- TASK INSTRUCTIONS
Please copy the entries below word for word, leaving out any image.

- GIVEN RECORDS
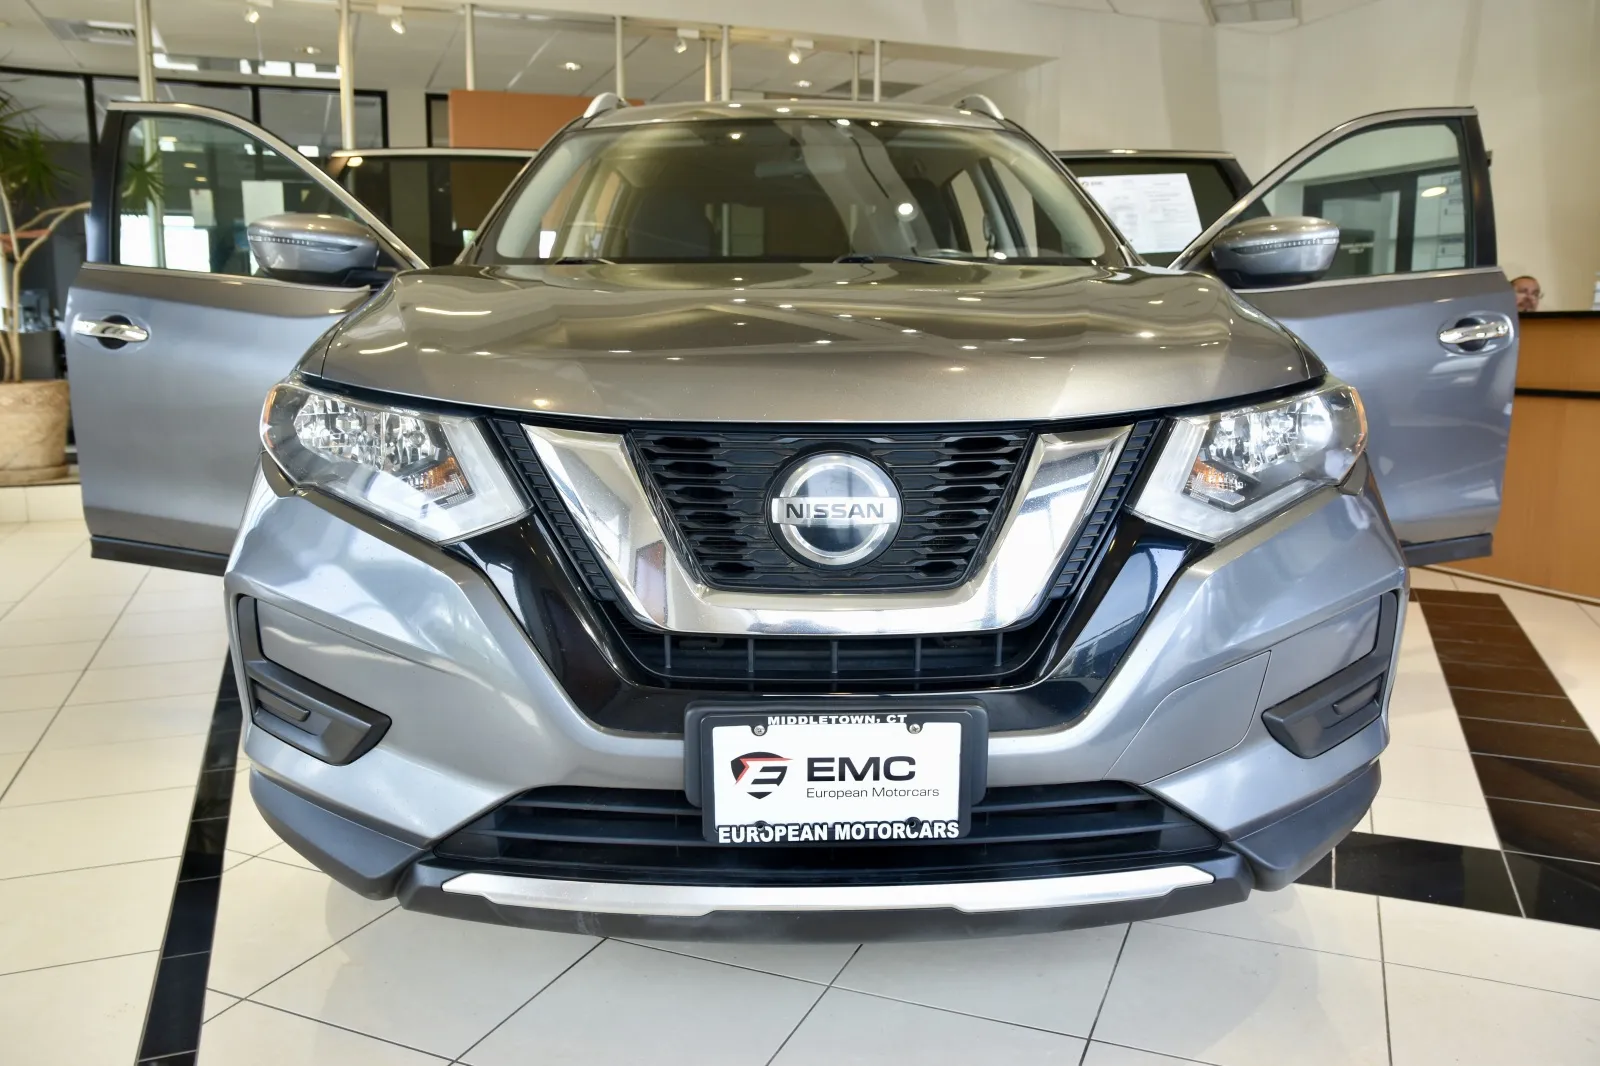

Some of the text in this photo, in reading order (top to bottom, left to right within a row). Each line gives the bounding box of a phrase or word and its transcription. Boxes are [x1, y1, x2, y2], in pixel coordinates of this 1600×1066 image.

[786, 503, 884, 518] NISSAN
[767, 714, 908, 726] MIDDLETOWN, CT
[807, 756, 916, 782] EMC
[806, 787, 940, 799] European Motorcars
[718, 822, 960, 843] EUROPEAN MOTORCARS
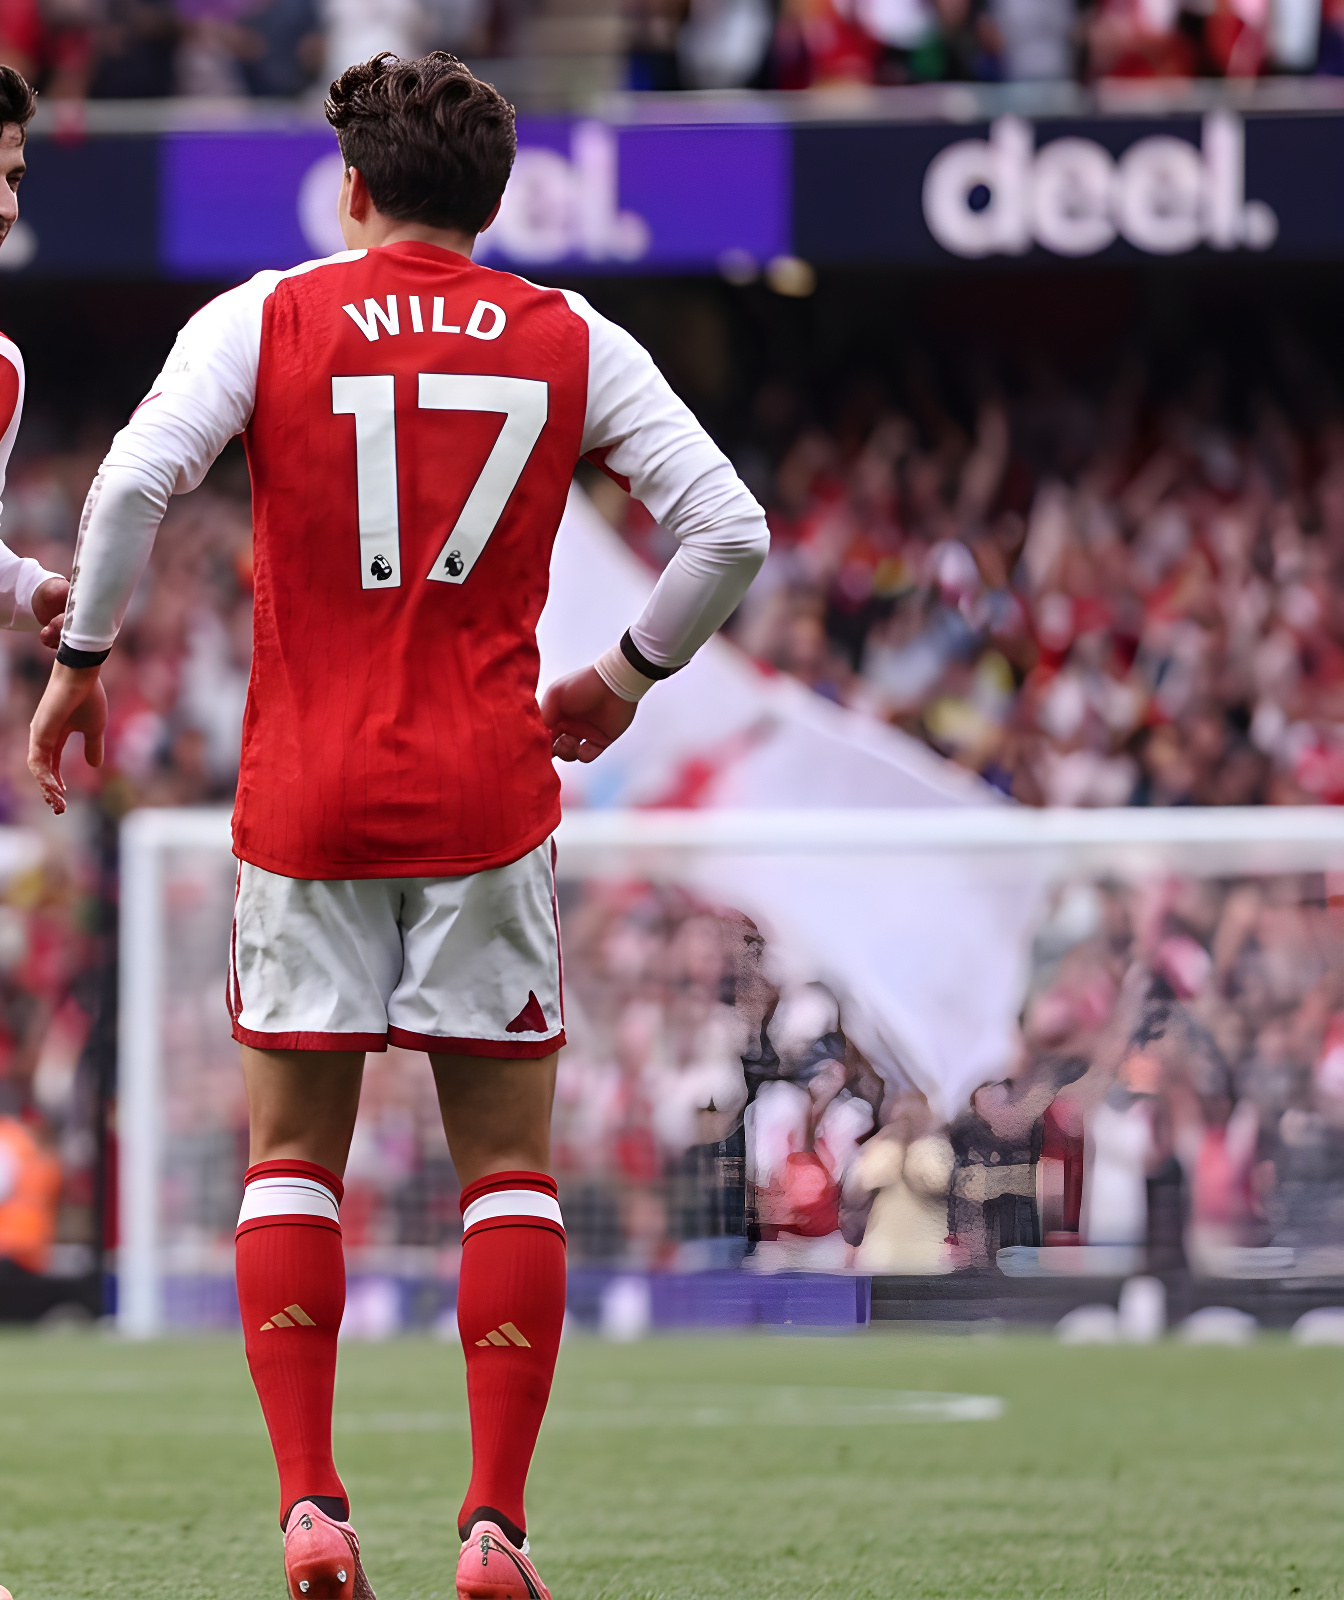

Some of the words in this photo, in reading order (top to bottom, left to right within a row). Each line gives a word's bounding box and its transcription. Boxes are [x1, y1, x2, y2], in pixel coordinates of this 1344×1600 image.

[921, 110, 1280, 260] deel.
[342, 294, 506, 342] WILD
[331, 372, 549, 590] 17
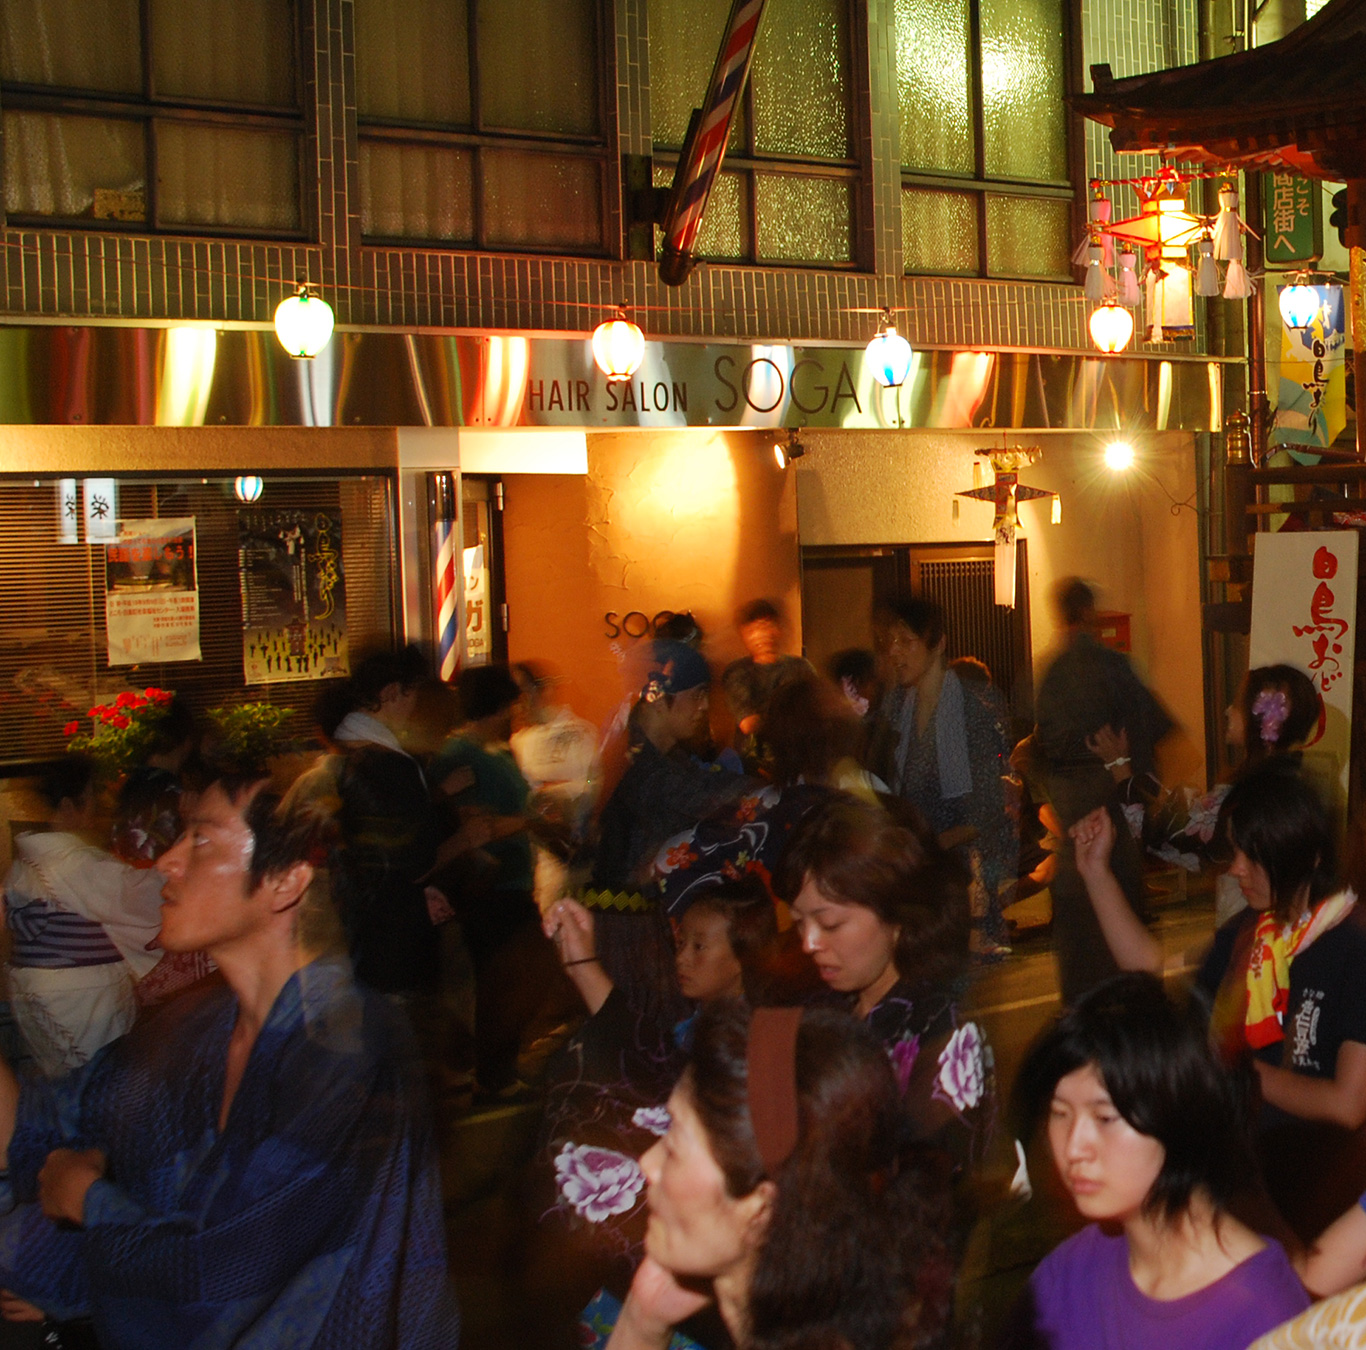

- ANSWER SPACE
Some of the text in this photo, in reading order (top to bottom, left to right within a row). Each line gives the bounding box of a phrase or word and its transcription. Boxes are [x1, y1, x2, y2], in pixel coordinates of this 1600×1066 image.

[786, 503, 884, 518] NISSAN
[767, 714, 908, 726] MIDDLETOWN, CT
[807, 756, 916, 782] EMC
[806, 787, 940, 799] European Motorcars
[718, 822, 960, 843] EUROPEAN MOTORCARS

Some of the words in this photo, in reading order (top to bottom, left to right within a row). Each line gives a word's bounding box and its transcription. Boxes are [x1, y1, x2, y2], in pixel coordinates of this 1344×1600 image.

[921, 110, 1280, 260] deel.
[342, 294, 506, 342] WILD
[331, 372, 549, 590] 17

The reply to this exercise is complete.